Without definitive industry-endorsed guidelines with respect to acceptable dose levels by procedure, the picture of progress is equally lacking in definition. The American College of Radiology (ACR), however, did introduce a tool that is available for both input as well as comparison. The ACR’s dose index registry is a database where radiology departments can not only input their own CT data, but also compare their data to the regional and national averages. Of course, the truest measure of progress is to compare yourself to yourself. By taking a snapshot of today’s data, Saint Joseph’s/Candler can compare them with the tracking data at three and six months from now, and have the ability to document how changes to protocols and practices have effectively led to a reduction in dose.

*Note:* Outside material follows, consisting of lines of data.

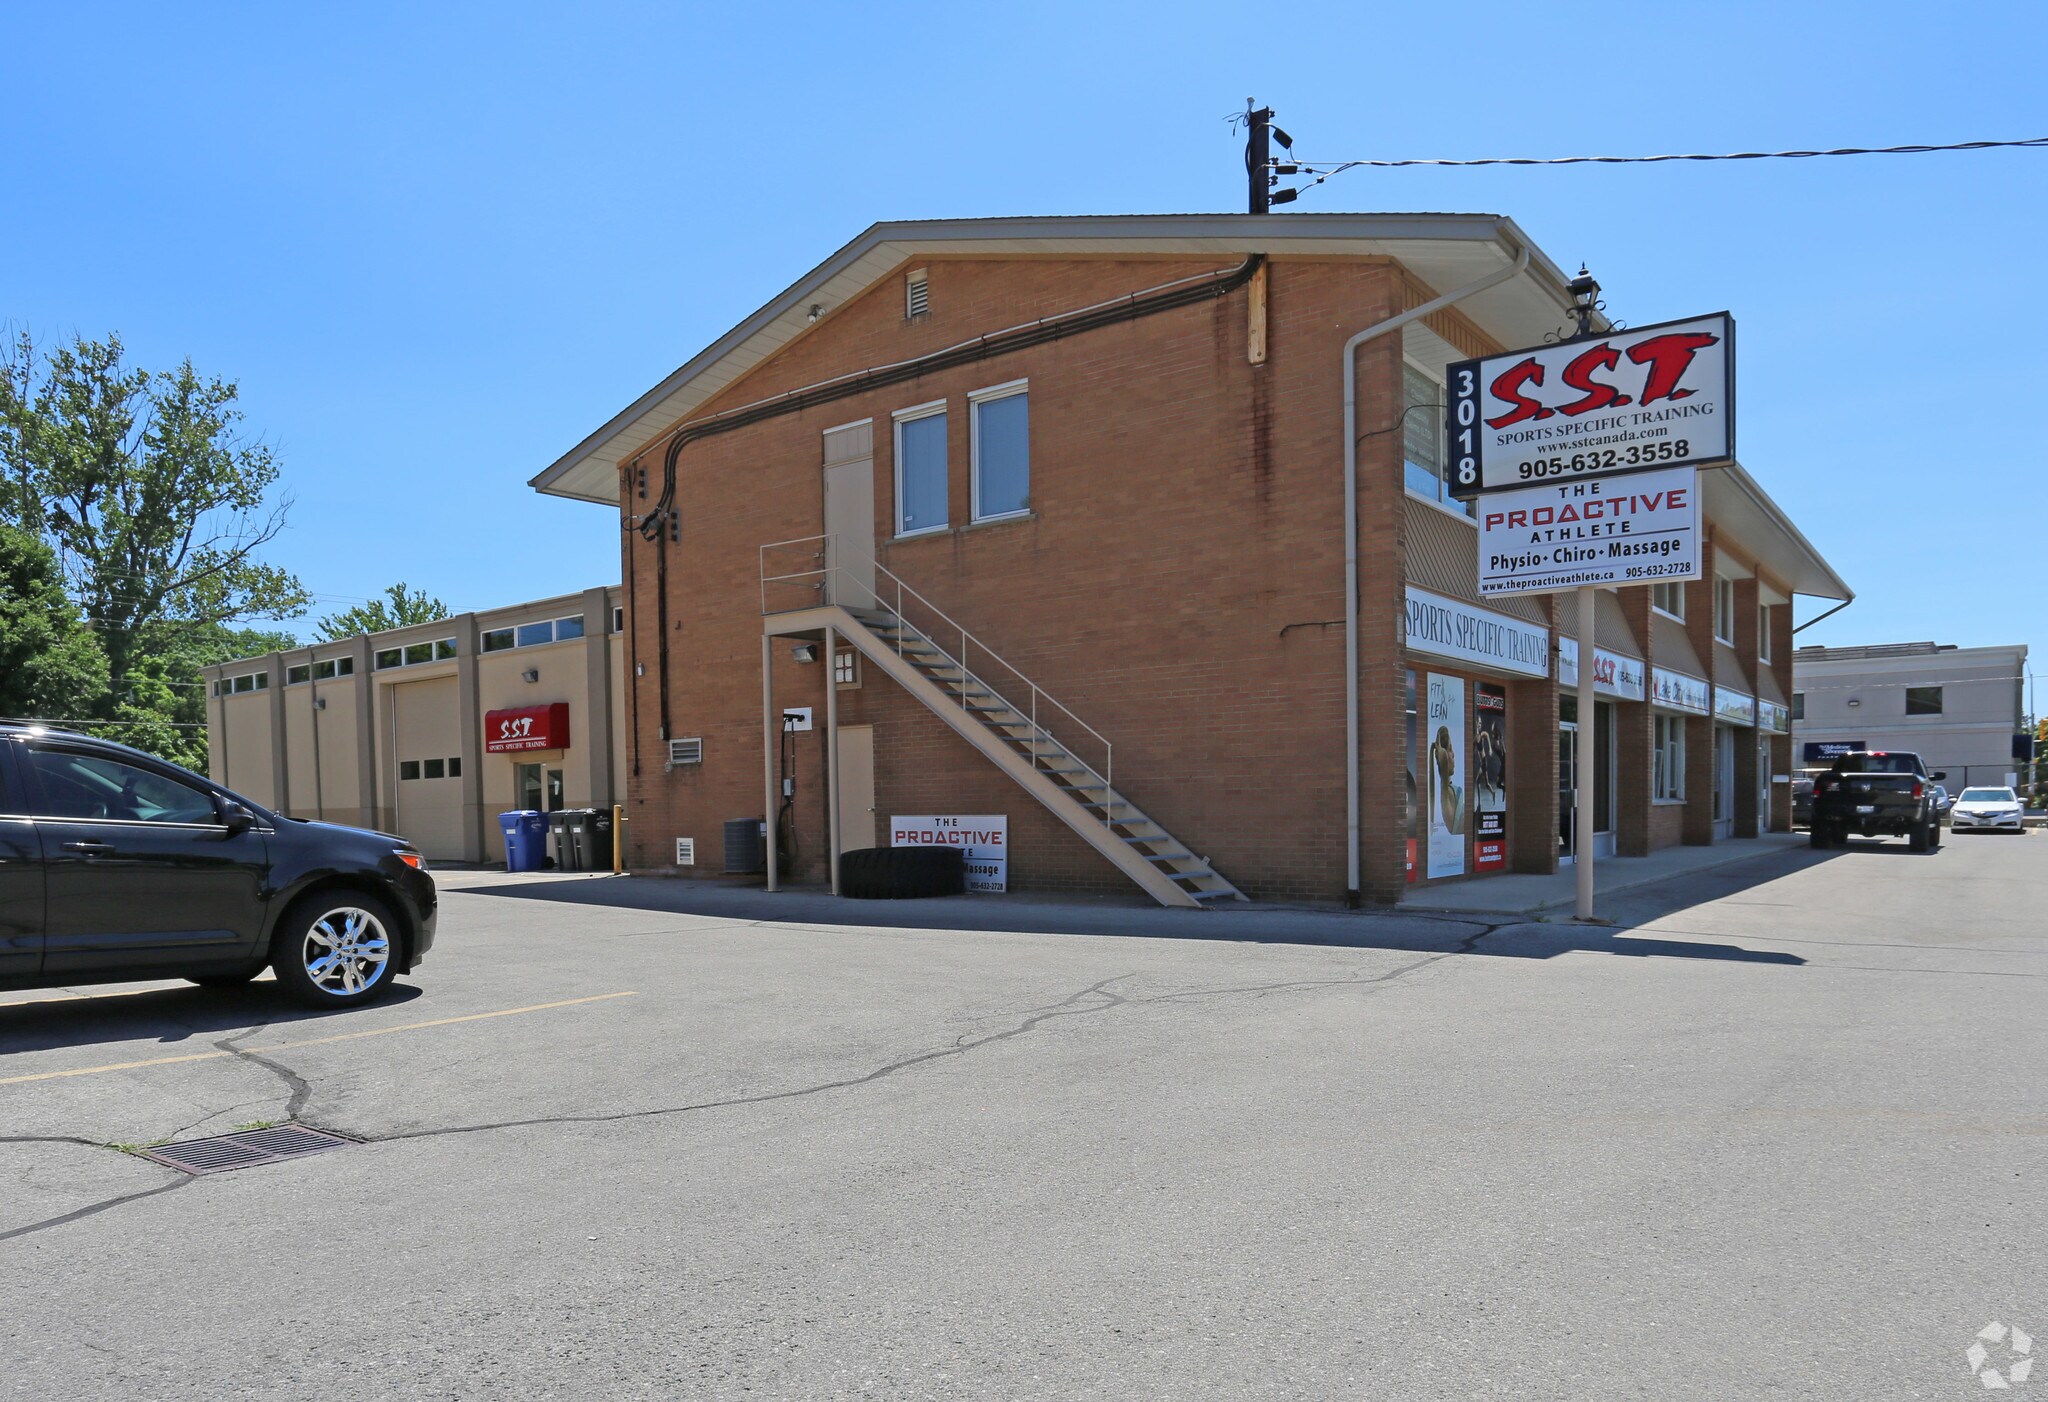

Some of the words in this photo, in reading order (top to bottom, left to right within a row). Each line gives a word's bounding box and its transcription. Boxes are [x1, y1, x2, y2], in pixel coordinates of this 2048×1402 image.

[1457, 370, 1476, 485] 3018
[1497, 427, 1553, 446] SPORTS
[1556, 416, 1627, 437] SPECIFIC
[1631, 402, 1714, 425] TRAINING
[1537, 427, 1668, 453] www.sstcanada.com
[1518, 439, 1690, 479] 905-632-3558
[1559, 482, 1600, 498] THE
[1485, 489, 1688, 532] PROACTIVE
[1530, 521, 1631, 544] ATHLETE
[1490, 551, 1541, 572] Physio
[1553, 546, 1596, 564] Chiro
[1608, 539, 1681, 557] Massage
[1481, 571, 1615, 592] www.theproactiveathlete.ca
[1625, 562, 1691, 578] 905-632-2728
[1405, 598, 1452, 646] SPORTS
[1456, 612, 1505, 658] SPECIFIC
[1507, 628, 1547, 668] TRAINING
[1430, 682, 1441, 698] FIT
[1430, 702, 1448, 720] LEAN
[506, 742, 524, 750] SPECIFIC
[935, 818, 958, 827] THE
[895, 830, 1003, 845] PROACTIVE

There are some specialties whose use of radiation is substantially higher than others and current dose rates may stand out as being higher than most when the data are retrieved and analyzed. Some recent attention has been drawn to cardiology for that reason, in a position paper published by The European Society of Cardiology in January 2014. According to Eugenio Picano, MD, of The Institute of Clinical Physiology CNR, in Pisa, Italy, cardiology accounts for 40 percent of patient radiation exposure. The paper called for a higher awareness of radiation doses in cardiac imaging tests.
“We’re specifically interested in using the tracking data to inform our departments and individual physicians of their own progress. The sophistication of the monitoring system allows us to track by both. We are able to present a report at a cardiology department meeting, for example, so that our cardiologists can evaluate their department progress month over month, as well as that of each cardiologist, as compared to his or her peers,” explains Zehel.
The committee working on the data collection and tracking program is planning extensive physician and staff education throughout the hospitals, knowing full well it takes an integrated team, collaborating together to achieve the best outcomes.